An in situ enzyme‐linked immunosorbent assay (ELISA) was developed to evaluate growth of Cryptosporidium parvum in vitro. Ninety‐six‐well tissue culture microtitre plates were each seeded with 4.0 X 104 human ileocecal adenocarcinoma (HCT‐8) cells, then infected with CsCl‐purified oocysts 24 h later. The growth medium consisted of RPMI 1640 supplemented with 10% fetal bovine serum, 15 mM HEPES (JV‐2‐hydroxyethylpiperazine N−2‐ethanesulfonic acid), 50 mM glucose, 1 μg ml−1 folic acid, 4 μg ml−1 4‐aminobenzoic acid, 2 μg ml−1 pantothenic acid and 35 μg ml−1 ascorbic acid. Incubation conditions were at 37 ° C in a 5% CO2/95% humidified air incubator. Oocysts were allowed to excyst in situ so that sporozoites could infect cells directly. Monolayers were then washed, new medium added, and infected cells re‐incubated.

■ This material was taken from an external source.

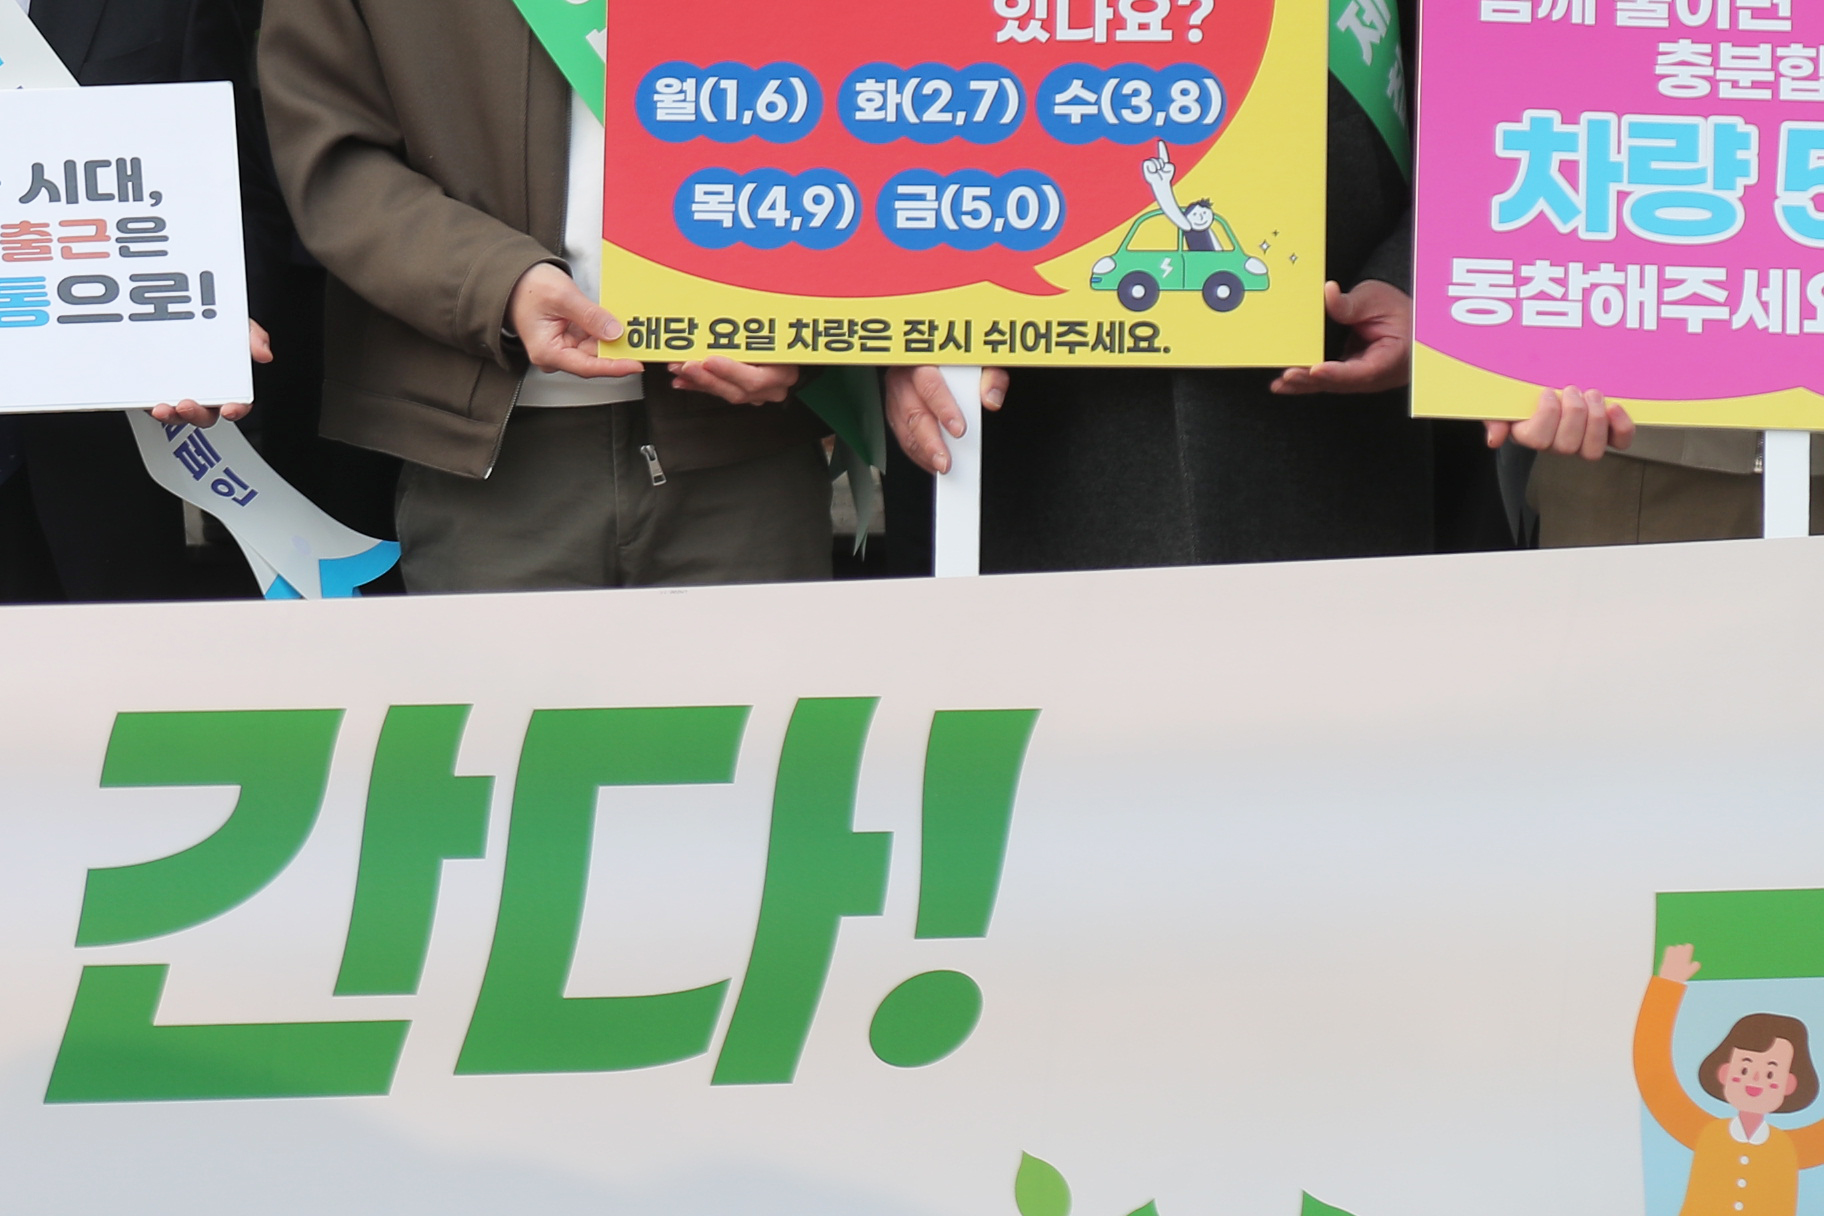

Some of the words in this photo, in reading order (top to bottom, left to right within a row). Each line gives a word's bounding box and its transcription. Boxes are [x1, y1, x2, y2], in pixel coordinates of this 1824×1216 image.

Levels of infection were assessed 48 h later using a rat anti‐C. parvum polyvalent antiserum directed against purified parasite membranes, followed by a goat anti‐rat IgG conjugated to horseradish peroxidase and 3,3′,5,5′‐tetramethyl‐benzidine as substrate. Using various parasite inoculating doses and incubation times, optimal results were obtained using a 90‐min exposure of host cells to 2.5−3.0 × 104 oocysts/well. Evaluation of various concentrations of four anti‐microbials (monensin, lasalocid, paromomycin and sulfadimethoxine) in the system resulted in the acquisition of precise dose‐response curves for each compound.